What happened

Shares of several popular fintech stocks rode the wave upward with the broader market Thursday after new data from the Labor Department indicated that the red-hot U.S. job market may be cooling a bit.

As of 12:30 p.m. ET, shares of one-stop-shop financial services company SoFi (SOFI 4.55%) were trading nearly 4% higher, artificial intelligence-assisted lender Upstart (UPST 3.90%) was up by more than 4%, and insurtech company Lemonade (LMND 8.23%) was up by more than 5.5%.

So what

Investors rejoiced after new unemployment claims came in at 225,000 for the week that ended Dec. 24 -- 9,000 higher than the prior week and slightly above the consensus estimate. While it might sound odd for investors to be happy about rising unemployment, the Federal Reserve has made it abundantly clear that its war on inflation will continue until it slows the U.S. economy, and some deterioration in the labor market would signal that slowdown is happening.

People looking at big chart.

Image source: Getty Images.

Low unemployment and rising wages this year have contributed to some of the highest levels of inflation seen in more than 40 years, and also enabled consumers to keep spending through price hikes, which many economists feared could lead to runaway inflation. 

"We were overdue for a rebound, and a lot of the recent weakness may be explained by further tax loss selling once the Santa Rally didn't materialize," Louis Navellier, chief investment officer of Navellier & Associates, told CNBC Thursday. "We'll have further volatility into the new year with plenty of uncertainty about whether a soft landing is possible and if not how much resolve the Fed will have to not pivot if we tip into a serious recession."
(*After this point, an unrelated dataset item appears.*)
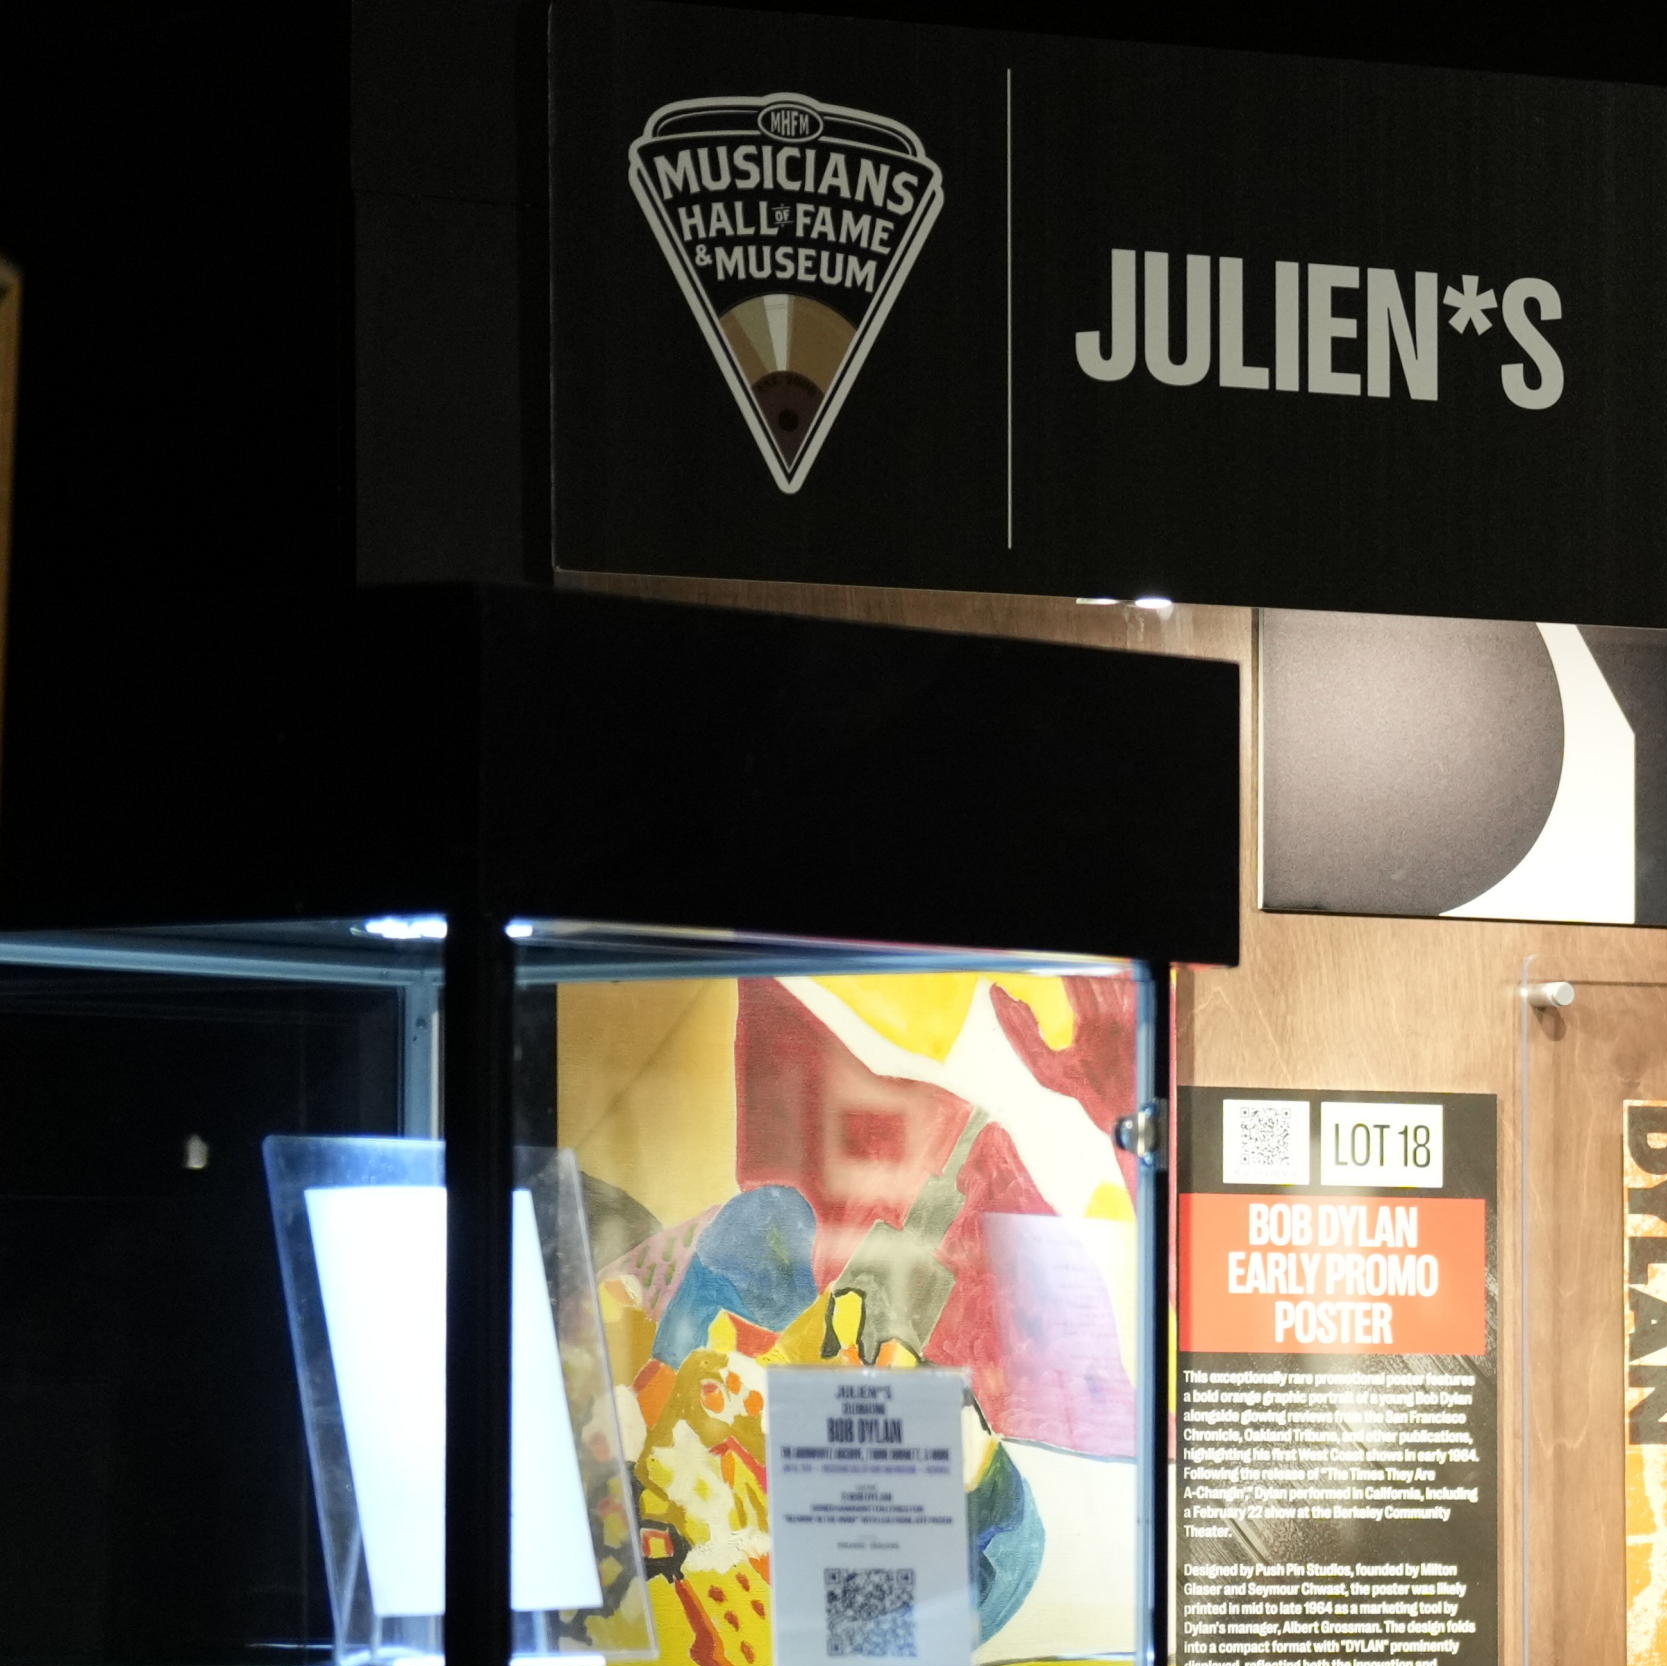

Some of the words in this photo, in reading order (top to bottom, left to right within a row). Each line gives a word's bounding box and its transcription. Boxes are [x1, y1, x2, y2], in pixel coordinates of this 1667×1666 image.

A soft landing would be if the Fed's interest rate hikes can bring down inflation with only a modest rise in unemployment and without tipping the economy into a severe recession.

Rising interest rates have hit SoFi, Upstart, and Lemonade hard, and all three fintech stocks got crushed this year. The business models of SoFi and Upstart depend significantly on their ability to originate loans and then sell them to institutional investors, whether whole-loan buyers or by securitizing the loans and then selling them. But investors have been much more cautious about purchasing these loans as their costs of capital have risen due to higher interest rates and the worrisome economic outlook.

Lemonade, which had an incredibly high valuation last year, has been recording higher losses in its insurance business. Its net loss ratio rose to 105% in the third quarter, which means insurance claims and adjusted expenses outpaced its earned premiums.

Now what

The Fed is expected to keep raising rates into 2023, although if its projections are correct, it should be almost done with its rate-hiking campaign.

The end of that series of rate hikes should help all three of these fintechs and allow them to find their footing under more stable market conditions, but the economy could still fall into a recession. Investors will be eager to see how credit quality holds up at SoFi and Upstart. SoFi lends to higher-quality borrowers, so its loans should hold up better, but it's still a bit unclear how consumers in general will hold up, especially if there is a severe recession.

Ultimately, I do like what SoFi is building, but I would need to see better execution and financial results before I'd consider buying shares. I also like Lemonade's long-term vision, but it would help if it could get its net loss ratio under control.